Understanding XB1's internal memory bandwidth *spawn

Yes. GPU Read bandwidth is 170gb. Write is 102.

http://www.vgleaks.com/durango-memory-system-overview/

Correct, so I'm assuming the GPU is reading from the ESRAM pool at 68 GB/s (because it can't transfer more data than that per second through the DRAM bus to main memory) and the GPU is also then writing to the DRAM pool at 68 GB/s for a total of 136 GB/s consumed over 2 buses. Is that not the correct interpretation of the table?
 
That assertion would apply to all max bandwidth figures. Relatively nothing pulls max bandwidth 100% of the time and context is rarely provided.

Sure but we aren't talking about a known technology say ddr3 or gddr5 or "regular" SRAM with known characteristics against known benchmarks. We of course WON'T know because it's proprietary knowledge or nda or whatever, what the ESRAM will do, but when we are discussing the abilities of an unknown quantity one has to keep an open mind when it comes to interpreting the numbers coming at ya.

We know enough of how a ddr3 system works to know what happens when you arbitrarily ask for some data. We can make some educated guess at bandwidth utilization based on that knowledge and actual experience of course. We can't say the same for the ESRAM.
 
Correct, so I'm assuming the GPU is reading from the ESRAM pool at 68 GB/s (because it can't transfer more data than that per second through the DRAM bus to main memory) and the GPU is also then writing to the DRAM pool at 68 GB/s for a total of 136 GB/s consumed over 2 buses. Is that not the correct interpretation of the table?

The diagram seems to infer that the gpu can read from both esram and dram at the same time for a total of 170 GBs of bandwidth (102.4 +68) while the gpu only writes to eSRAM (102.4).
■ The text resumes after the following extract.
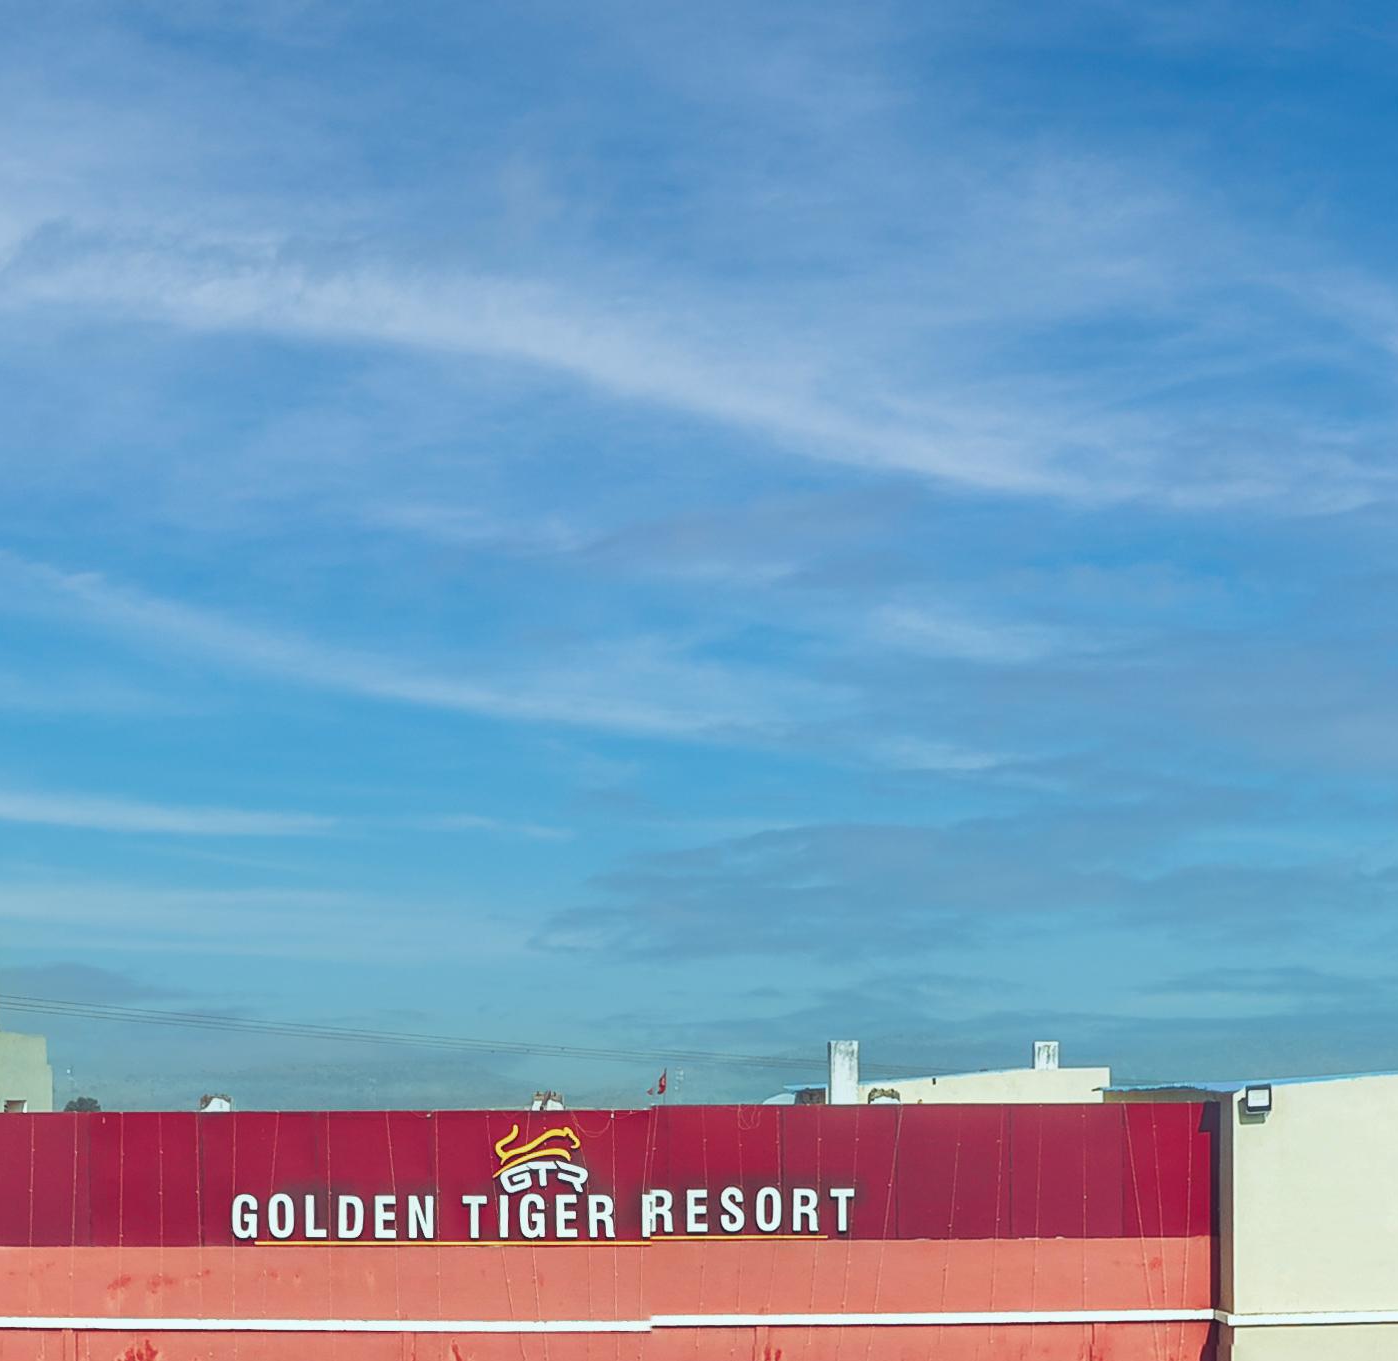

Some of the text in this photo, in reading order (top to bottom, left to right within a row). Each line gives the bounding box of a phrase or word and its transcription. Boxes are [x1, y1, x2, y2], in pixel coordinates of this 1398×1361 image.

[500, 1160, 588, 1194] GTR
[231, 1187, 857, 1239] GOLDEN TIGER RESORT
I not sure if thats totally true because that implies that the gpu never directly writes to dram or the coherent bus over the northbridge and maybe the DMAs dictates accesses to and from other devices using eSRAM as a destination and source.

You can't saturate the dram with 68 GBs worth of read accesses from eSRAM while simultaneously saturating the dram with 68 GBs of writes from eSRAM. That would imply that 136 GBs would be the maximum theoretical bandwidth of the DDR3. Its not.
 
The diagram seems to infer that the gpu can read from both esram and dram at the same time for a total of 170 GBs of bandwidth (102.4 +68) while the gpu only writes to eSRAM (102.4). I not sure if thats totally true because that implies that the gpu never directly writes to dram or the coherent bus over the northbridge and maybe the DMAs dictates accesses to and from other devices using eSRAM as a destination and source.

You can't saturate the dram with 68 GBs worth of read accesses from eSRAM while simultaneously saturating the dram with 68 GBs of writes from eSRAM. That would imply that 136 GBs would be the maximum theoretical bandwidth of the DDR3. Its not.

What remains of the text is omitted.